Think the major labels don’t interfere with their artists’ creative process? Think again.

When Welsh rock band Funeral For A Friend were on album number three singer Matt Davies was politely asked to dumb down his lyrics by the bosses at Atlantic.

“I’ve never had so many people come down to practice – to sit and listen in and give their opinions,” he says.

“I knew in my heart the situation when the A&R man asked me to change lyrics because they were too intellectual.

“To be honest it was the best compliment I’ve been paid. But it was then the alarm bells started to ring.”

Tales Don’t Tell Themselves, released in 2007, sold more than 25,000 copies in its first week and was eventually certified gold.

It was a concept record completely unrelated to the band’s two previous records. In came pompous orchestration and chart-targeted singles. Out went the hardcore, heavier guitars and aggressive melodies.

Davies says he regrets the move, but the group were exhausted after flogging themselves to get that far.

They’d been on the road non-stop for two years after releasing sophomore album, Hours. Within a week of the tour finishing they were in a basement studio with no windows being cajoled to make its follow-up.

They caved to label pressure and chased commercial appeal. It bypassed their traditional audience who shouted sell-out.

“That is the double-edged sword of the music business. We’d put so much work in we couldn’t stop. Even though we were making something we didn’t want, we were still determined to make it the best we could. We went all out. We even tried to sabotage their label but ended up doing a massive faux pas.”

On the two albums which followed, the band made a return towards their aggressive DIY roots. Back came a metal aesthetic and shouty vocals. On went the search to find the alchemy that made debut record Casually Dressed & Deep In Conversation, inducted into Rock Sound’s Hall Of Fame and credited as a key landmark in the post-hardcore sound, a success.

Their latest effort, Conduit, is out on Tuesday. Long-term songwriter Kris Coombs, who has been with the band from the start, penned the music. Davies wrote the lyrics. He says Conduit is back to the beginning.

“As much as I hate trying to compare records – it’s almost like picking a favourite child – I feel close to when we started out in the way we wrote it and the way we all were with each other.

“It was as if we were starting out for the first time and it shows in the record. It captures that sense of excitement. We experiment with song structures. If this was our first record I would be stoked.”

FFAF operate on the fringes of common mainstream music. The best place for them is on an indie label. Conduit is out on London’s Distiller Records.

“We know people who run labels first-hand and given our background and where we come from it’s important for us: it was the punk hardcore scene that formed us and is inherent in our blueprint.”

Much of the grassroots approach comes from geography. The isolation of growing up in Bridgend, “the back of beyond” and a mining town, offered few outlets except creativity.

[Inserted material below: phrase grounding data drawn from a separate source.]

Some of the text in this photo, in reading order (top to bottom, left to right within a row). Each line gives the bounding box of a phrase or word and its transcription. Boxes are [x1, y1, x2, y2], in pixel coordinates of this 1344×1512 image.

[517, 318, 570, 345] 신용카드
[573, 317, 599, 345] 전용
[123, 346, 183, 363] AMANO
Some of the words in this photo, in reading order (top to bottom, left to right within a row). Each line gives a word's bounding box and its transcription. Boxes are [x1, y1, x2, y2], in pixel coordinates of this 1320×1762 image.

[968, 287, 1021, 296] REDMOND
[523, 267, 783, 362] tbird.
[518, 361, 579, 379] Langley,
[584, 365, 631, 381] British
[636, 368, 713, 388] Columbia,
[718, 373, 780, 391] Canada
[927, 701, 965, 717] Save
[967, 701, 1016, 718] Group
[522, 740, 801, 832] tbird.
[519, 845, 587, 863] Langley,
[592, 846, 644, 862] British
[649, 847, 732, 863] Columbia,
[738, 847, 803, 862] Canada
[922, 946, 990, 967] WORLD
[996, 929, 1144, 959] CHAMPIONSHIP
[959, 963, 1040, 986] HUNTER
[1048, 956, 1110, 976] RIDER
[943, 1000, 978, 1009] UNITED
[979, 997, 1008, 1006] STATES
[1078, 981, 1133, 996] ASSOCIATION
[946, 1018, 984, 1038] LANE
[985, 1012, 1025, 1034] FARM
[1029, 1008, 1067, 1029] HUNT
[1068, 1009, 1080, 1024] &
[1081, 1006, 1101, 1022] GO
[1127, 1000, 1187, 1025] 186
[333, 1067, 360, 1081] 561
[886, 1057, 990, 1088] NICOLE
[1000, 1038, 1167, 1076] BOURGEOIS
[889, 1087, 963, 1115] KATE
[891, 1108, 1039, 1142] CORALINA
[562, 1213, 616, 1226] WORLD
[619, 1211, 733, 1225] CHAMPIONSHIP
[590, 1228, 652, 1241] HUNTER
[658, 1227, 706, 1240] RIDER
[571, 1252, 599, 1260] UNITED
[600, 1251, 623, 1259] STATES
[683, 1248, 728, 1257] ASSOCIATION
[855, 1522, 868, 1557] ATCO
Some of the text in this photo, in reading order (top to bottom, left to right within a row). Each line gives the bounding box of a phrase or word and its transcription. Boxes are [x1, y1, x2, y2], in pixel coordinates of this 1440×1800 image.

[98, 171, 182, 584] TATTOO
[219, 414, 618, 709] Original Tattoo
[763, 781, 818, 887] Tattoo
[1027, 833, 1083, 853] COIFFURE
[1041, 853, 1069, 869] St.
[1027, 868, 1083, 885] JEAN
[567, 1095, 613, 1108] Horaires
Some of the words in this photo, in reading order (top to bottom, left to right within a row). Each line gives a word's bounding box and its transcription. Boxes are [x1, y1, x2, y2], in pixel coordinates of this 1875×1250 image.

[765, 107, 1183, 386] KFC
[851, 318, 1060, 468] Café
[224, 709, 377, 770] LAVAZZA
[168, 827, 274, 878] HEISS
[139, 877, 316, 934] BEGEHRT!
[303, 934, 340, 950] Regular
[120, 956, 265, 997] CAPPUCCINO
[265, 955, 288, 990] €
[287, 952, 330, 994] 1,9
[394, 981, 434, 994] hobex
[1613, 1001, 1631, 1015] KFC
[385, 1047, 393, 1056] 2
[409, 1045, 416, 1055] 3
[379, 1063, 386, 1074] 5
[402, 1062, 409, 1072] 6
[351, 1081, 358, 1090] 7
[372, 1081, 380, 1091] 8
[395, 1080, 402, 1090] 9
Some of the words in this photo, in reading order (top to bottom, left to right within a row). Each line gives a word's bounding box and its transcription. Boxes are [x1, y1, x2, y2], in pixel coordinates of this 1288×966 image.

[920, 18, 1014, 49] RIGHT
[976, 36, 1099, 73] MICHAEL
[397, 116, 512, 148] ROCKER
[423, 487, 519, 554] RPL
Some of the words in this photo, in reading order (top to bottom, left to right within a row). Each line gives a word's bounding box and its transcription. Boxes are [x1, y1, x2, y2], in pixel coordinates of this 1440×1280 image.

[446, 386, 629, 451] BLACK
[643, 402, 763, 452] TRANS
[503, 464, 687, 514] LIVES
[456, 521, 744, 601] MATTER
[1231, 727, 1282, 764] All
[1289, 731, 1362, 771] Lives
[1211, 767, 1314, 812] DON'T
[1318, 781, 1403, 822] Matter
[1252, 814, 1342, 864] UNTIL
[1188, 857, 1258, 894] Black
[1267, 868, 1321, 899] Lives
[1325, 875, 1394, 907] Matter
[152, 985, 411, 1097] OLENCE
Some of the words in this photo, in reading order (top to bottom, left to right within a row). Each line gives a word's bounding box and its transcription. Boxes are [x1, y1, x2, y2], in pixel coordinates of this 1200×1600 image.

Yet it’s hard to believe the anguished writer grew up dancing around the room to Beatles records and singing into a hairbrush pretending to be John Lennon, when his dad, a bass player, would go out gigging with his friends.

“I used to covet his record collection. Whenever he would work away I would put on the record player in the corner and grab a hairbrush. Even from that age I loved creating something. I didn’t want to be a rock star, I just loved being able to express myself through music.”

Once he discovered MTV and punk rock, including bands such as Bad Religion, his life changed.

The internet barely existed at the time so he’d dash down to Cardiff and buy the latest releases and take chances on records he’d not heard but which had great artwork.

He still places emphasis on a record’s sleeve, and asked another old friend – the FFAF vocalist he replaced, Matthew Evans, who is now a painter – if they could use one of his works for Conduit’s cover.

“The cover came about from searching for something that would encompass the music and themes because it has a specific direction from the previous record. Conduit is a completely different beast.

“It is about evolving and a sense of growth. The artwork spoke to us as representing creativity and expression and vibrancy and energy, which really captured the album.”

Lyrically, Conduit is “a love letter to the cathartic experience, to self-expression, channelling anger and hate, to find resolution with people.”

Davies says it is an angry record and admits, “I’m always angry – I internalise a lot – and I find a way to vent that through Funeral.”

He was helped by a new drummer, Pat Lundy (once part of London metallers Rise To Remain), and Gavin Burrough and Richard Boucher, two new additions before 2011’s Welcome Home Armageddon.

“Change is a part of what makes this band. We didn’t think we should stop or the band would disintegrate.

“Me and Kris are always the driving force, but now Gavin and Rich are contributing it is more Funeral than Funeral. We are more like us than before.”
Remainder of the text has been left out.